La révolution russe en plan large

Par André Loez, Historien et collaborateur du "Monde des livres"

Le 8 mars 1917 débutait la révolution russe. Cent ans après l’événement, une floraison d’ouvrages le replace dans une temporalité plus large.

Il y a cent ans et un jour débutait la révolution russe. C’était le 8 mars, le 23 février dans le calendrier julien utilisé alors en Russie. Par milliers, des manifestantes venues célébrer la Journée internationale des droits des femmes, mais aussi dénoncer un pouvoir incapable de garantir du pain et de mener à son terme une guerre interminable, convergeaient vers le centre de la capitale, Petrograd. Signe du discrédit frappant le régime tsariste, les escadrons de cosaques qui auraient dû les disperser restaient passifs.

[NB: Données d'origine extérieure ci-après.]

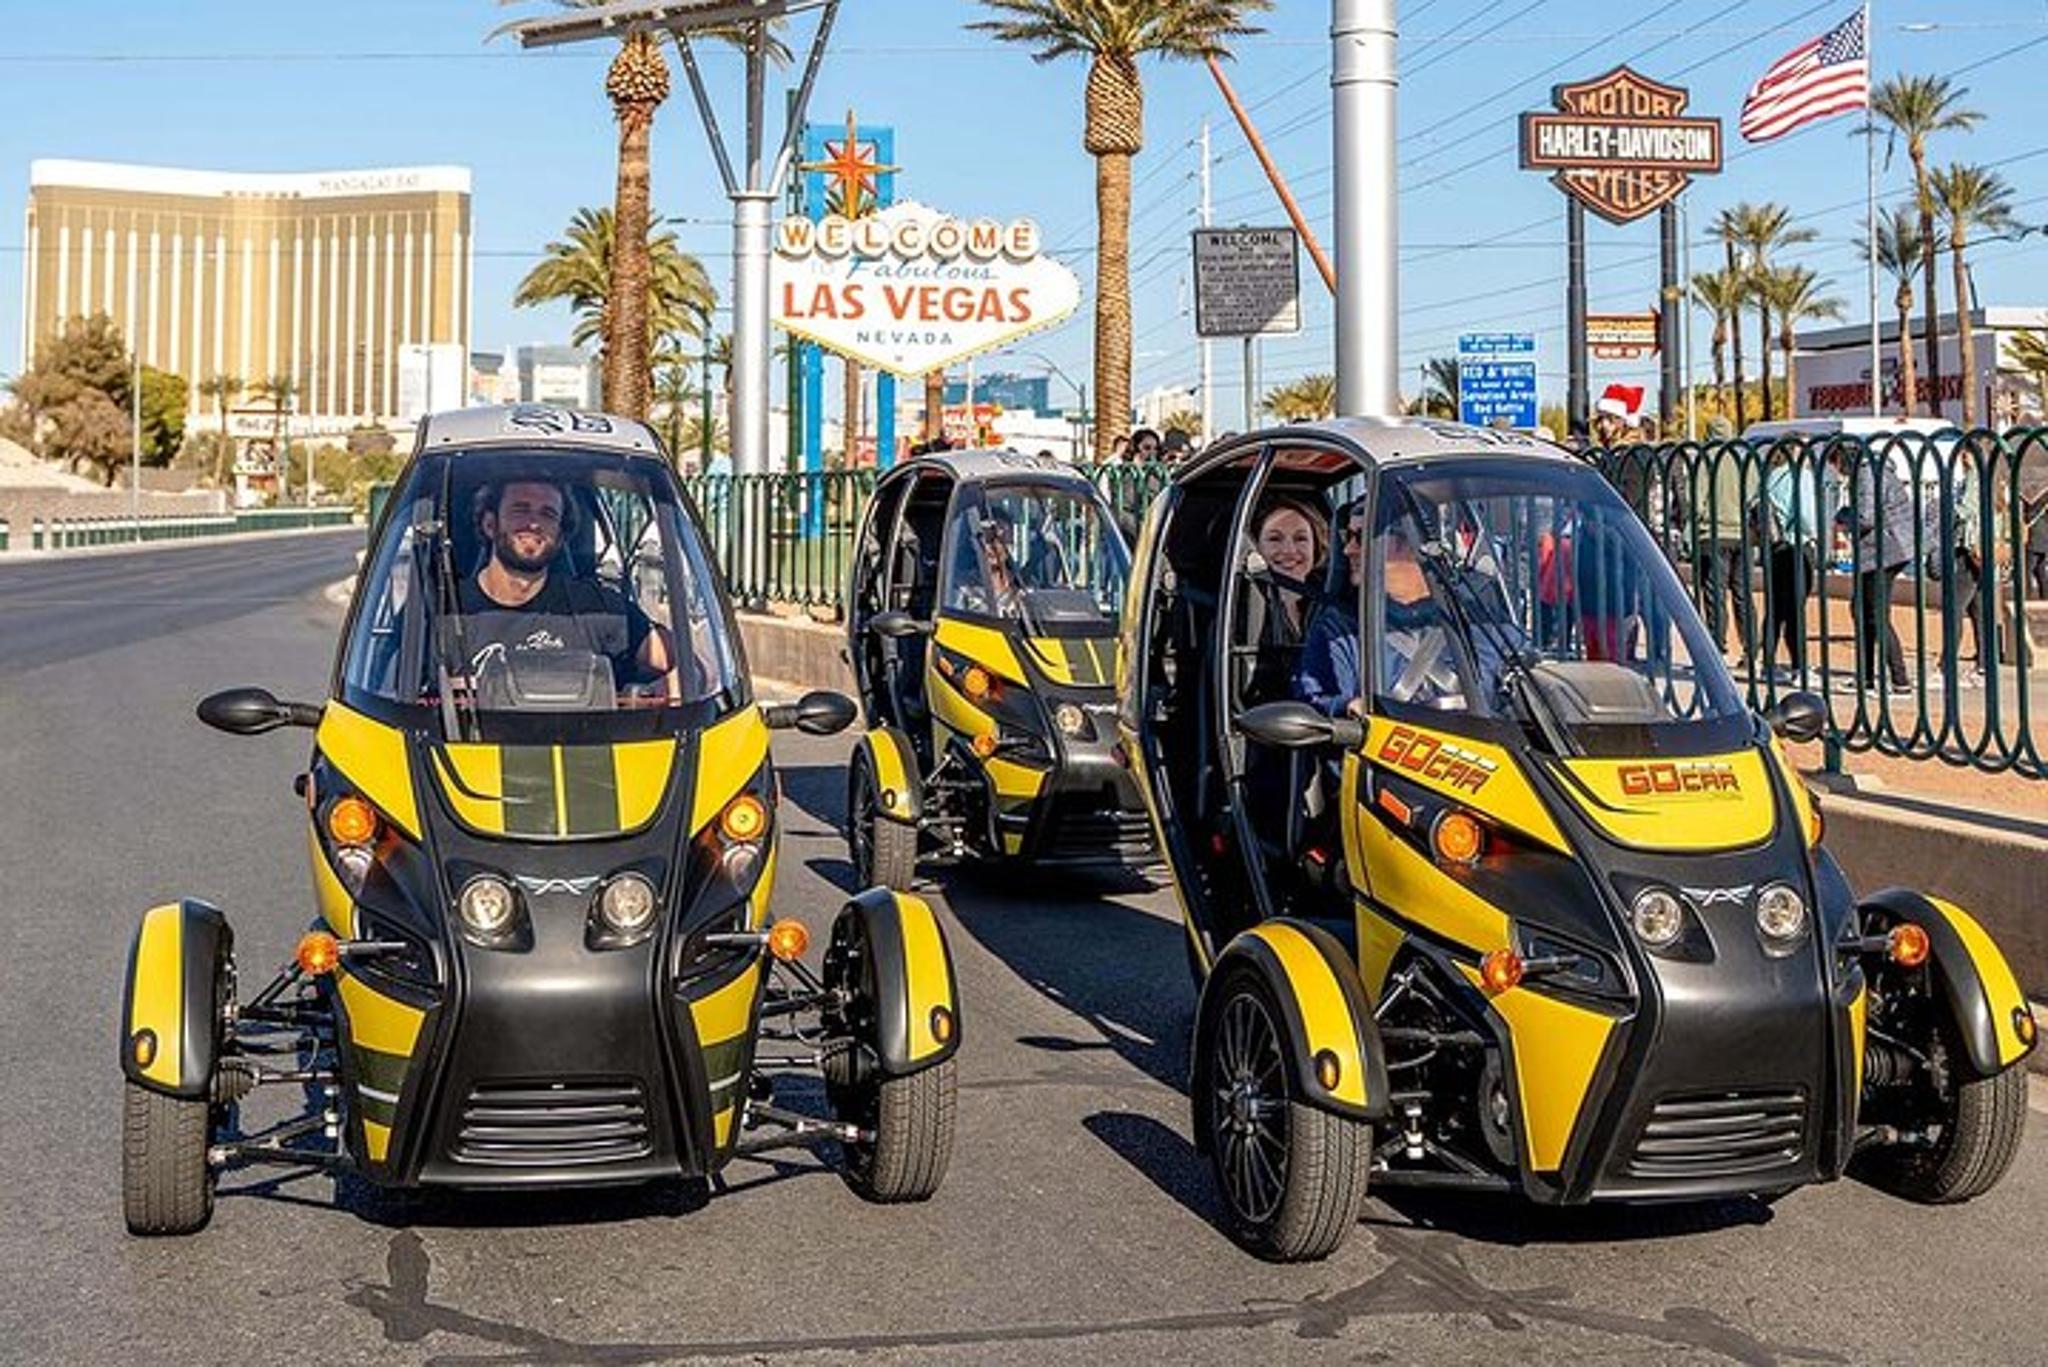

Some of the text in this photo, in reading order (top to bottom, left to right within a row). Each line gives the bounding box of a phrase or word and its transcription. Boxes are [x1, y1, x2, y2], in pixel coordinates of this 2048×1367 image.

Renouvelés, accrus, accompagnés de grèves, les cortèges des jours suivants précipitaient la chute de Nicolas II. Le renversement saisissant d’une dynastie tricentenaire serait redoublé neuf mois plus tard par la prise du pouvoir des plus radicaux, et initialement les plus isolés des révolutionnaires, les bolcheviks. Février suivi d’octobre changeait la face de la guerre, de l’Europe et du XXe siècle.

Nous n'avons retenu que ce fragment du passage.